Britain's King Charles III on Thursday called for a new "Entente" between France and the UK to tackle the climate "emergency", in an unprecedented speech to the French Senate as he seeks to establish his international image.
Before receiving a long standing ovation from deputies and senators, the sovereign supported in his speech "renewing" the "Entente Cordiale" that 120 years ago ended centuries of conflict between the two countries, on the second day of his state visit to France.
"I would like to propose that it also become an Entente for Sustainability, in order to deal more effectively with the global climate and biodiversity emergency," added the 74-year-old monarch known for his environmental advocacy.

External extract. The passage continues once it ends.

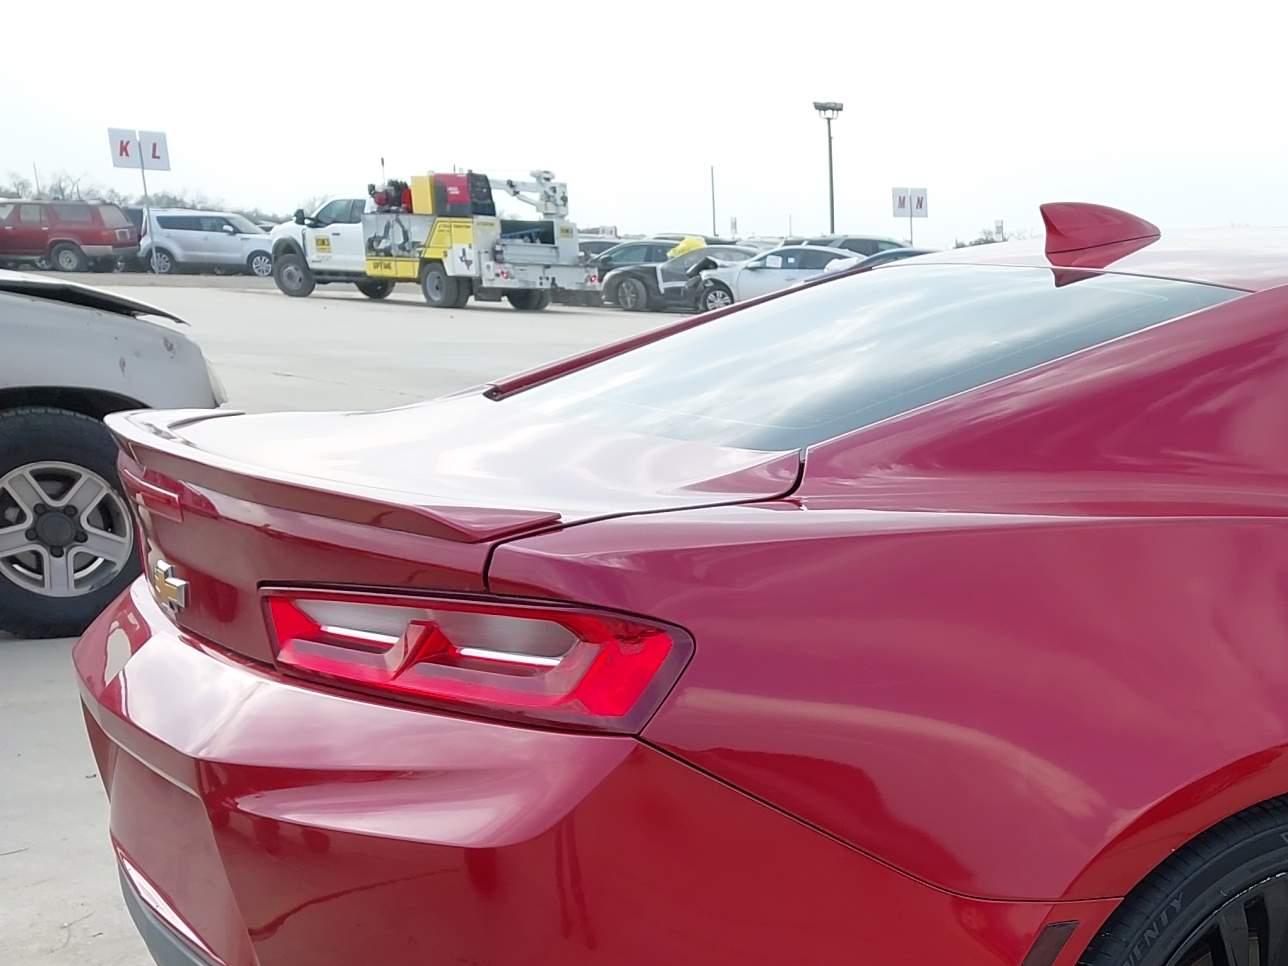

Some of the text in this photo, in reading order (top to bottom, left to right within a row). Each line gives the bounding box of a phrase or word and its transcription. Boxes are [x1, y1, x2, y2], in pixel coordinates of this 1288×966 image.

[119, 139, 130, 157] K
[151, 141, 161, 159] L
[897, 195, 906, 209] M
[915, 195, 924, 209] N

The statement came a day after British Prime Minister Rishi Sunak announced the postponement of several key UK climate policy measures.
With his three-day visit to France, which was originally scheduled for March, the successor to the late Elizabeth II is seeking to set his own agenda, such as the fight against climate change, and to strengthen the Franco-British alliance.
Speaking to French President Emmanuel Macron the day before at a dinner in his honour at the Palace of Versailles, he urged France and the UK to "revitalise" ties damaged by the UK's exit from the European Union (EU).
"The United Kingdom will always remain one of France's best allies and friends," he told the Senate on Thursday, after considering the alliance between the two countries "vital" when facing the "challenges" of the world.
On Russia's "unjustified aggression" in Ukraine, Charles III expressed the "unwavering determination" of London and Paris to see Kiev "triumph" and "precious freedoms prevail".
Camilla versus Brigitte
The monarch has become the first UK monarch to address the French Senate in the Chamber. In 2004, her mother Elizabeth II made a speech in the upper chamber's conference room to lawmakers.
The memory of her mother is present throughout the trip. "The tributes paid to her all over France moved me and my family enormously," the monarch admitted.
For his first state visit to France, he was accompanied by his wife Camilla, who together with Brigitte Macron - spouse of the host head of state - visited the National Library in the morning for the launch of a Franco-British literary prize.
There, Brigitte showed the Queen a dress by French singer Edith Piaf, as well as manuscripts by William Shakespeare and Victor Hugo.
The royal couple and the president's wife then visited the Parisian suburb of Saint-Denis, site of one of the venues for the planned 2024 Olympic Games.
"I thought it was great that they spent some time here with the children (...) It was a great moment for everyone," Prithika Pavade, a 19-year-old table tennis player, who played a brief match against Camilla, told AFP.
The queen and Brigitte also played a few minutes of pelota before continuing the visit at a Chanel couture atelier, where Camilla tried her hand at the loom.
On the square in front of Saint-Denis cathedral, in the rain, some Paris Saint-Germain players and their president, Nasser al-Khelaifi, presented the king with a club shirt bearing his name.
The king, a keen gardener who once admitted to talking to his plants, returned to Paris with Camilla to visit a popular flower market in central Paris, named "Queen Elizabeth II" since 2014.
The monarchs rejoined Emmanuel Macron and his wife in front of Notre Dame de Paris cathedral, a jewel of French architecture partially destroyed by fire in 2019, to see reconstruction work.
Later, Charles III will speak at the closing of a round table at the National Museum of Natural History in Paris, dedicated to "climate finance", the actions undertaken by banks in response to climate change.
The Paris leg of the state visit will conclude with a farewell to Macron at the Elysée Palace, but the British monarch's trip will continue on Friday in Bordeaux (southwest) with a more ecology-focused programme.